7. Bargain credibly and flexibly. Labor representatives can smell a "posturing" pubic manager a mile away. Often they know a lot about the finances of the employer, which are public record, and are well aware of its financial condition. Typically the "personality" of labor relations has been set by prior encounters, and it is important that adversarial personalities be neutralized as much as possible by honest efforts from management to be "straight shooters" and not over-dramatize the problem while persistently presenting the realistic projections outlined in Step 1 above.
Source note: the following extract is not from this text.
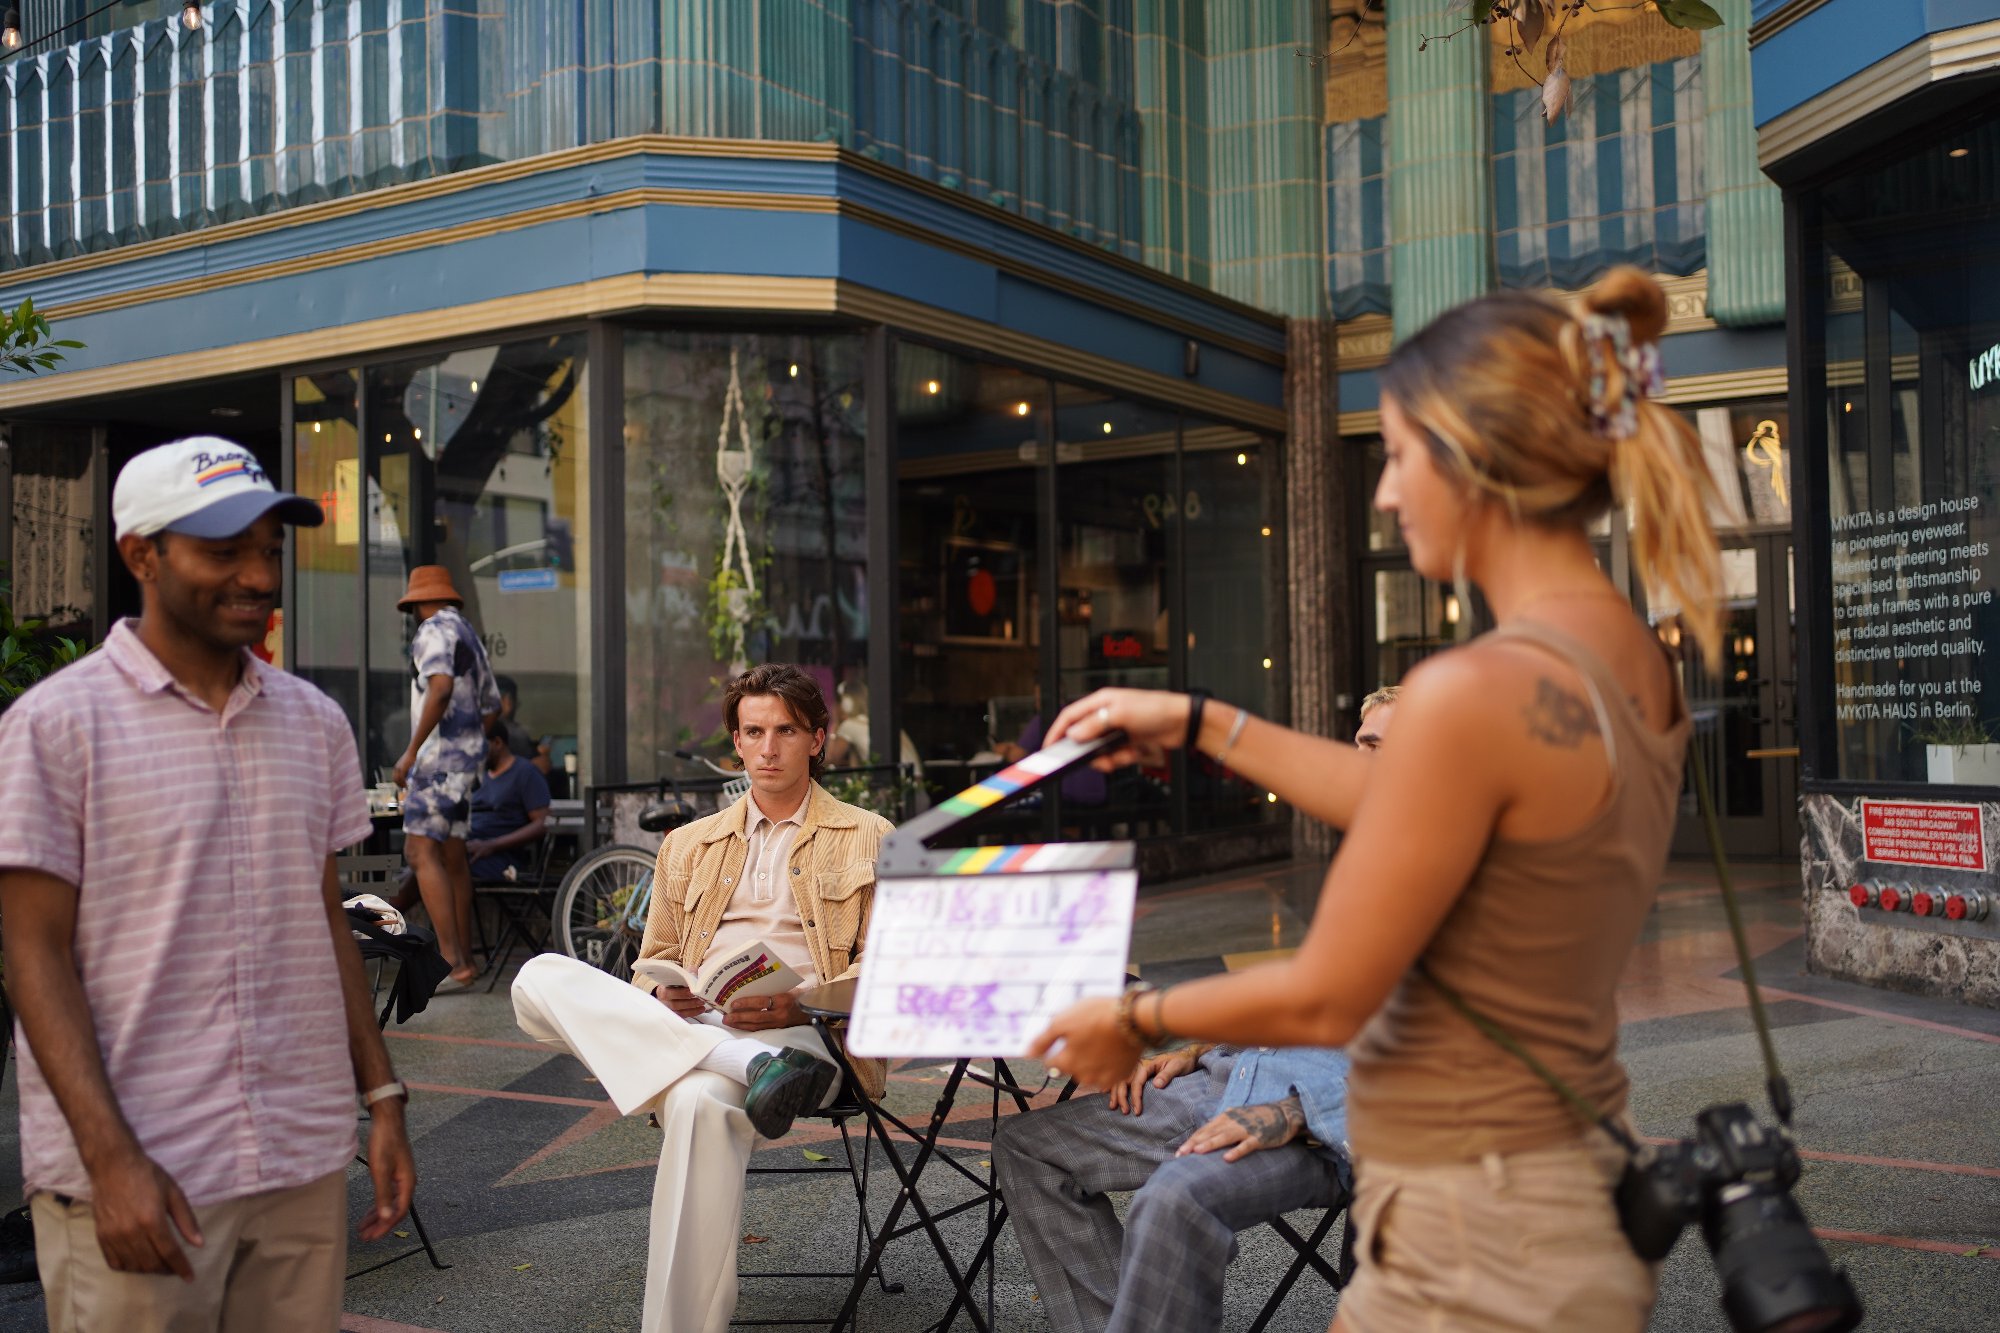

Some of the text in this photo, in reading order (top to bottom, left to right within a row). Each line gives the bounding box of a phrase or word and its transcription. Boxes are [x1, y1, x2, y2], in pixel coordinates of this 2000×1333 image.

Seasoned public managers also know that collective bargaining is indeed a negotiation, and there is an element of give-and-take that must be achieved in order to accomplish end-game objectives. Don't underestimate the ability of labor representatives to express ideas that might work better, and provide clues to a potential settlement strategy. When proposing benefits changes for incumbent employees, for example, it behooves the management team to listen closely to the objections expressed by the labor team, as that may provide clues to the "weak spots" and "hot buttons" they face when trying to win a ratification vote from their membership. Also, some unions respond better to "either-or" choices in which members must decide which option is preferable in their view.
Savvy managers also know that the labor leaders need to save face in their public statements. Notice how many union leaders are taking media credit for knowing that "we have to do something to share the burden, like we always have." Give their leaders a way to make the most of their "sacrifices."
Nobody ever said it would be easy to achieve significant long-term reforms of public retirement benefits plans while working in a goldfish bowl. Public-sector labor laws and union bargaining strength have made the process even more complicated. However, the public's mood has shifted away from sympathy for public workers during the Great Recession and in the "New Normal" economy as watchdog groups and the media have portrayed the employees as much of the problem. Union leaders are well aware of their slippage in the public opinion polls. Next year may be the best year ever for public managers to achieve meaningful long-term reform of their retirement benefits costs, but only if they do their homework in advance and invest the time and energy required to assert the public's interest.